SEER is a publicly available, nationally representative, population-based cancer database that contains more than 8 million cancer cases, with data that span four decades and cover 28% of the US population. SEER has developed and maintained high-quality, validated data on causes of death among cancer survivors, providing insight into relative and cause-specific deaths in this population.
The study looked at patients over the age of 20 who had a first primary malignancy of the head or neck. That included squamous cell carcinomas of the oral cavity, pharynx, larynx, nasal cavity, and sinuses. Thyroid cancer patients were excluded, because while the thyroid is in the head and neck region, thyroid cancer is an endocrine cancer and is different from squamous cell carcinoma of the head and neck.
The suicide rate among the head and neck cancer patients was compared to the rates of those diagnosed with prostate; breast; lung and bronchus; colon and rectum; urinary bladder; melanoma of the skin; non-Hodgkin lymphoma; kidney and renal pelvis; corpus and uterus; leukemia; pancreas; thyroid; stomach; liver and intrahepatic bile duct; Hodgkin lymphoma; brain and other nervous system; testis; ovary; and cervix uteri.
The study authors examined the SEER data for 4,219,097 cancer survivors; of those, 151,167 were diagnosed with head or neck cancer. Between 2000 and 2014, the suicide rate for those with head and neck cancer was 63.4 suicides per 100,000. For the period, the rate among other cancer survivors was 23.6 and among the general population was 17.4 per 100,000.
Only pancreatic cancer survivors had a higher suicide rate than head and neck cancer survivors at 86.4 suicides per 100,000 persons.
The study found head and neck cancer survivors are two times more likely to die by suicide than survivors of other cancers. Those with cancers in the oral cavity and pharynx have previously been found to comprise 20% of the head and neck cancer suicide burden among survivors.
Head and neck cancer survivors have unique treatment needs and distresses, including persistent and late effects of treatment, such as disfigurement and body image issues, swallowing difficulty, ototoxicity, and depression.

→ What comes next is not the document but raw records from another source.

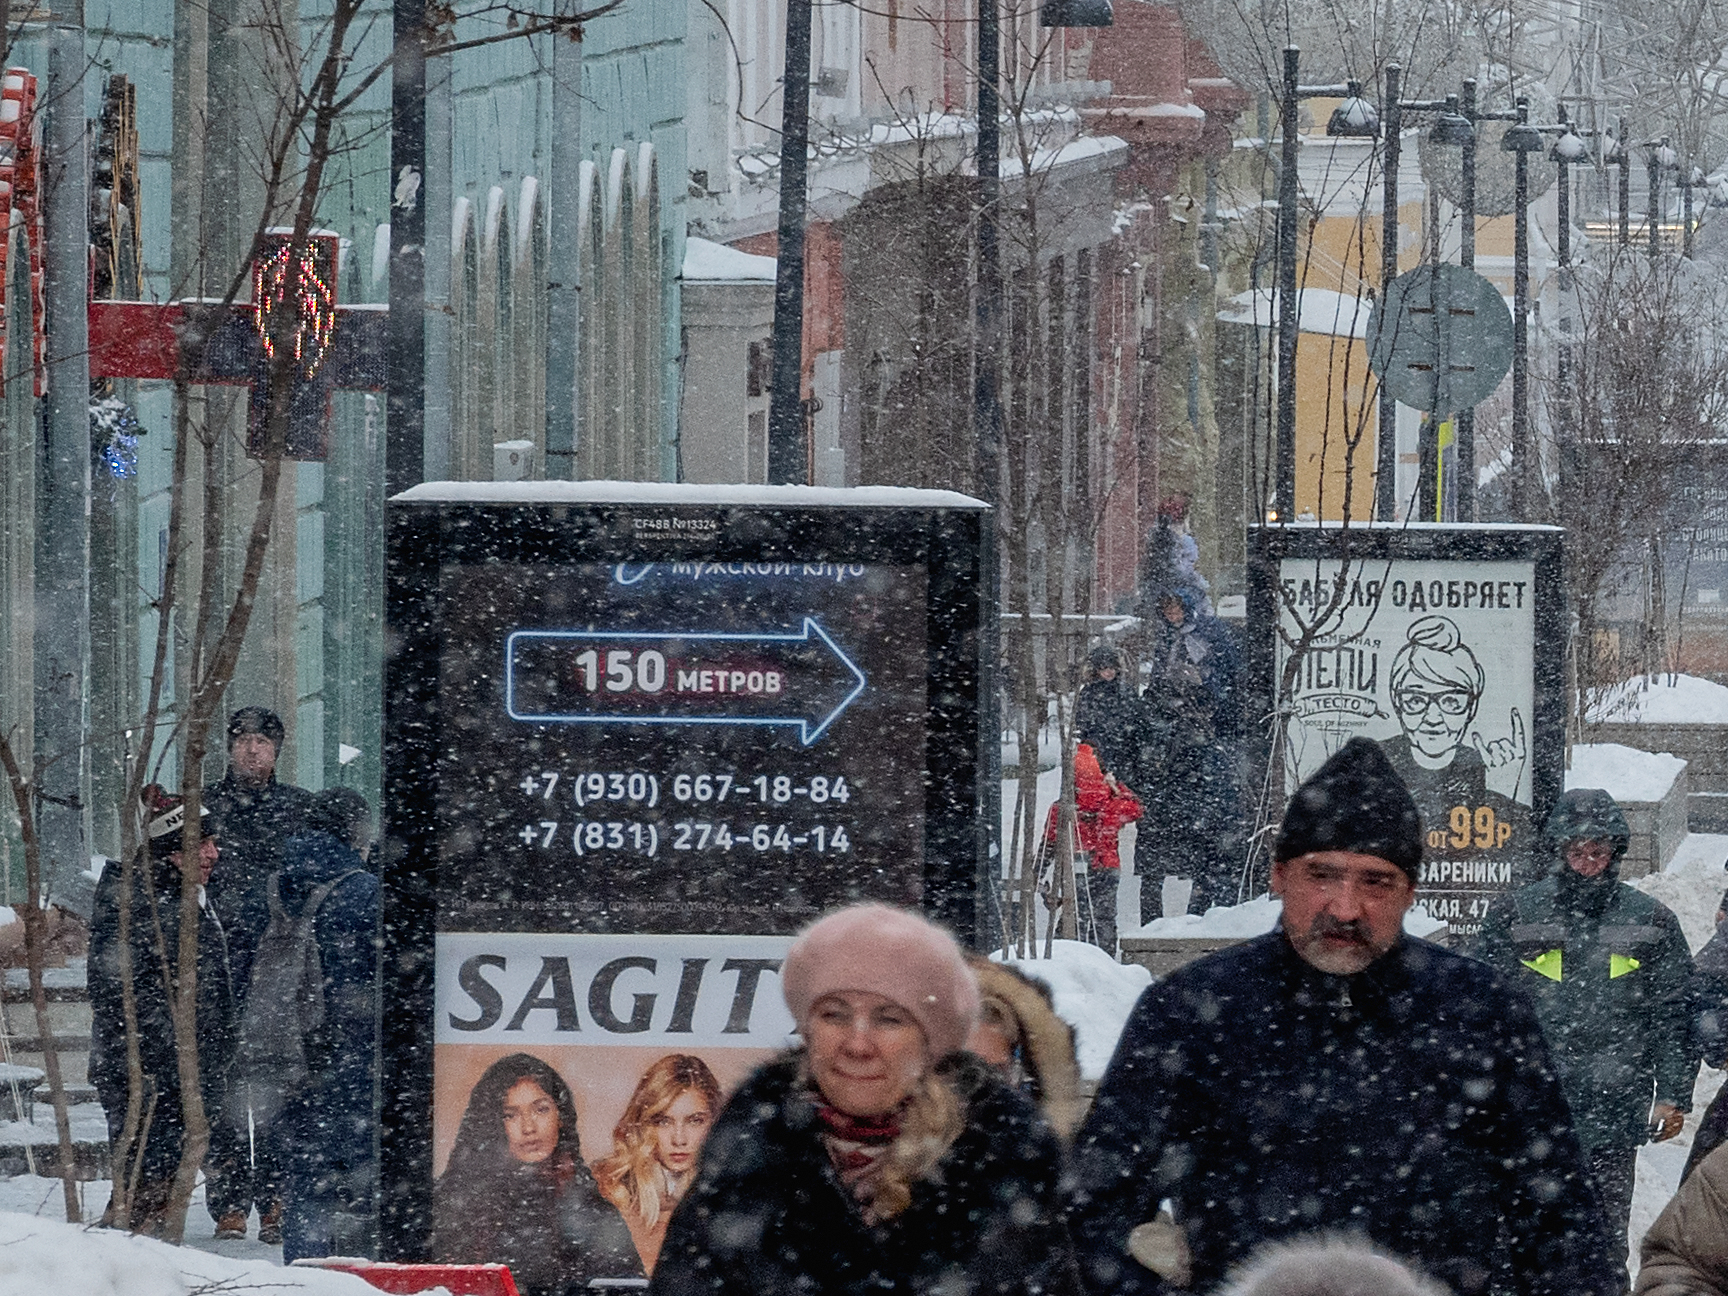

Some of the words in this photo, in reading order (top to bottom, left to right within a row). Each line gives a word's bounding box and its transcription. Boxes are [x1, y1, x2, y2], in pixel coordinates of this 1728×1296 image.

[1283, 577, 1381, 608] БАБЛЯ
[1392, 580, 1528, 613] ОДОБРЯЕТ
[575, 649, 665, 692] 150
[676, 670, 782, 693] МЕТРОВ
[1313, 696, 1361, 710] ТЕСТО
[519, 772, 560, 800] +7
[574, 773, 659, 808] (930)
[673, 773, 851, 804] 667-18-84
[518, 821, 558, 849] +7
[573, 822, 659, 857] (831)
[673, 822, 851, 853] 274-64-14
[1428, 830, 1448, 849] ОТ
[1469, 898, 1489, 918] 47
[448, 954, 800, 1035] SAGIT

Pain issues and substance abuse are also more prevalent in this population.
Factors associated with a significantly increased risk of suicide included being a male, white, previously married or never married, and having regional, distant, and unstaged/unknown stage disease.

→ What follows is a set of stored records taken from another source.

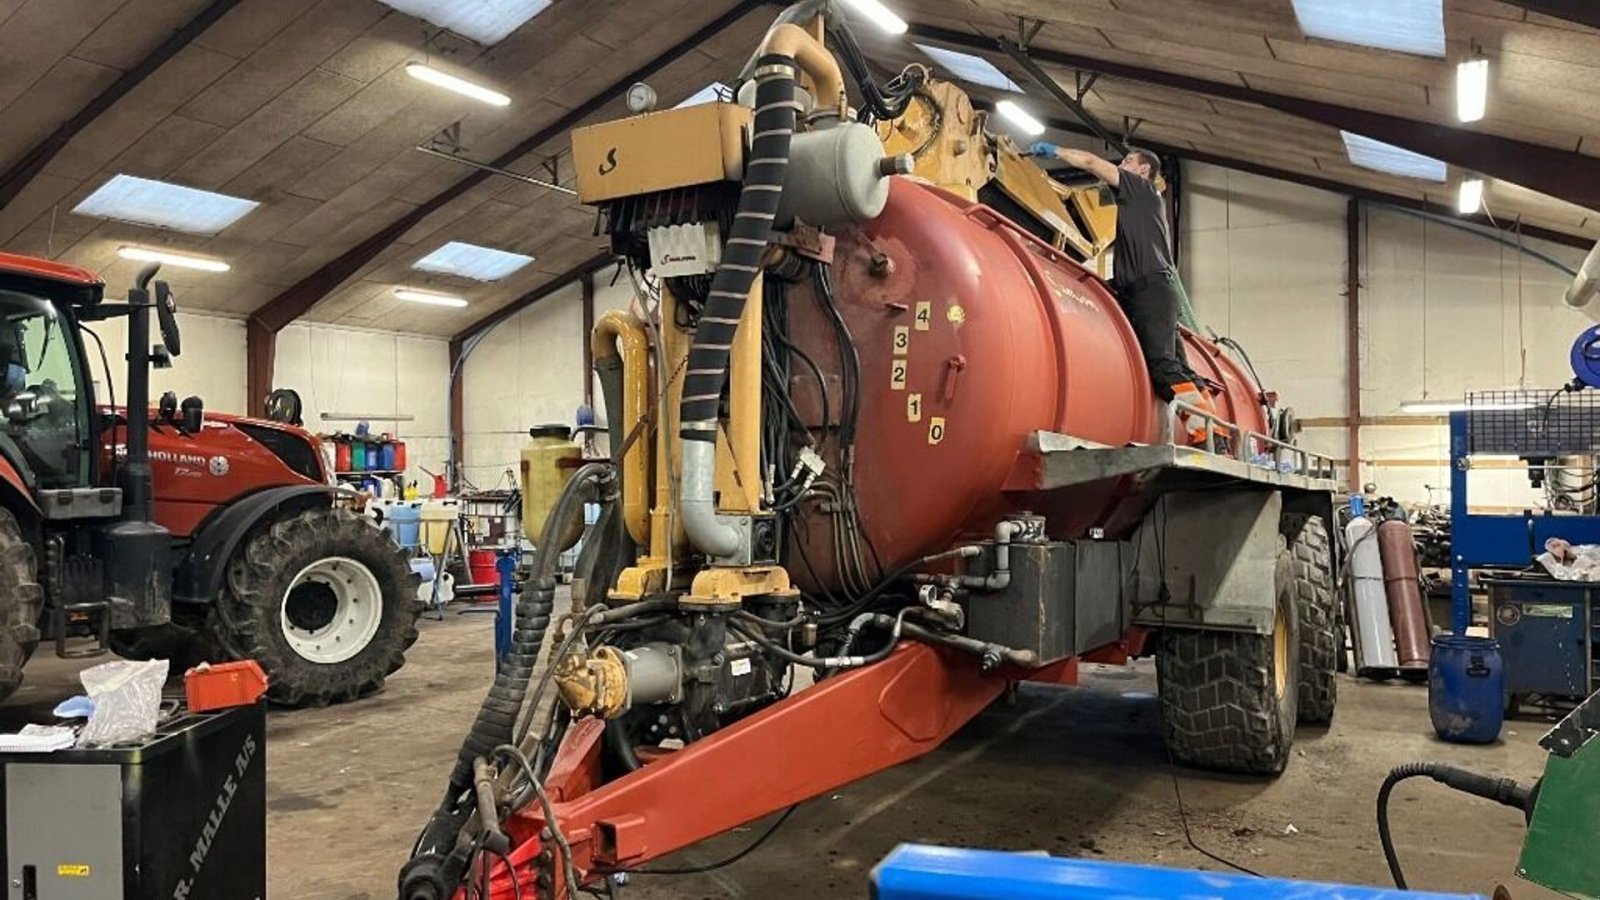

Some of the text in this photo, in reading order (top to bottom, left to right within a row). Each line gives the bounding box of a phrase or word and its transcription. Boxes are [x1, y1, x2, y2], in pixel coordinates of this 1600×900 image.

[917, 308, 928, 323] 4
[896, 333, 907, 347] 3
[894, 367, 905, 382] 2
[910, 400, 918, 415] 1
[931, 425, 942, 440] 0
[148, 450, 206, 465] HOLLAND
[189, 773, 238, 873] MALLE
[235, 733, 256, 778] A/S

Among male cancer survivors, head and neck survivors had an increased risk of suicide compared with survivors of colorectal, Hodgkin and non-Hodgkin lymphoma, kidney, leukemia, liver, melanoma, prostate, testis, thyroid, and bladder cancer. Only pancreatic cancer survivors had a significantly higher risk of suicide than that of those who survived head and neck cancer.
For female survivors, head and neck cancer survivors had an increased risk of suicide compared with survivors of melanoma, Hodgkin and non-Hodgkin lymphoma, leukemia, uterine, breast, thyroid, colorectal, kidney, and brain cancer.

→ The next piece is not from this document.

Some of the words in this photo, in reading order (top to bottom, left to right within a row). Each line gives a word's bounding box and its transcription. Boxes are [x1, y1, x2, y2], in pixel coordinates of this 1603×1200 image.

The study also found a significant increase (27%) in death by suicide in the final 5 years of the study, compared to the period between 2000-2004, which corroborates with data from the Centers for Disease Control and Prevention that highlighted a 25% increase in the suicide rate in the general US population since 1999.
“The rates we found in this study greatly mirror the national trends in terms of increasing incidence of suicide,” Osazuwa-Peters said.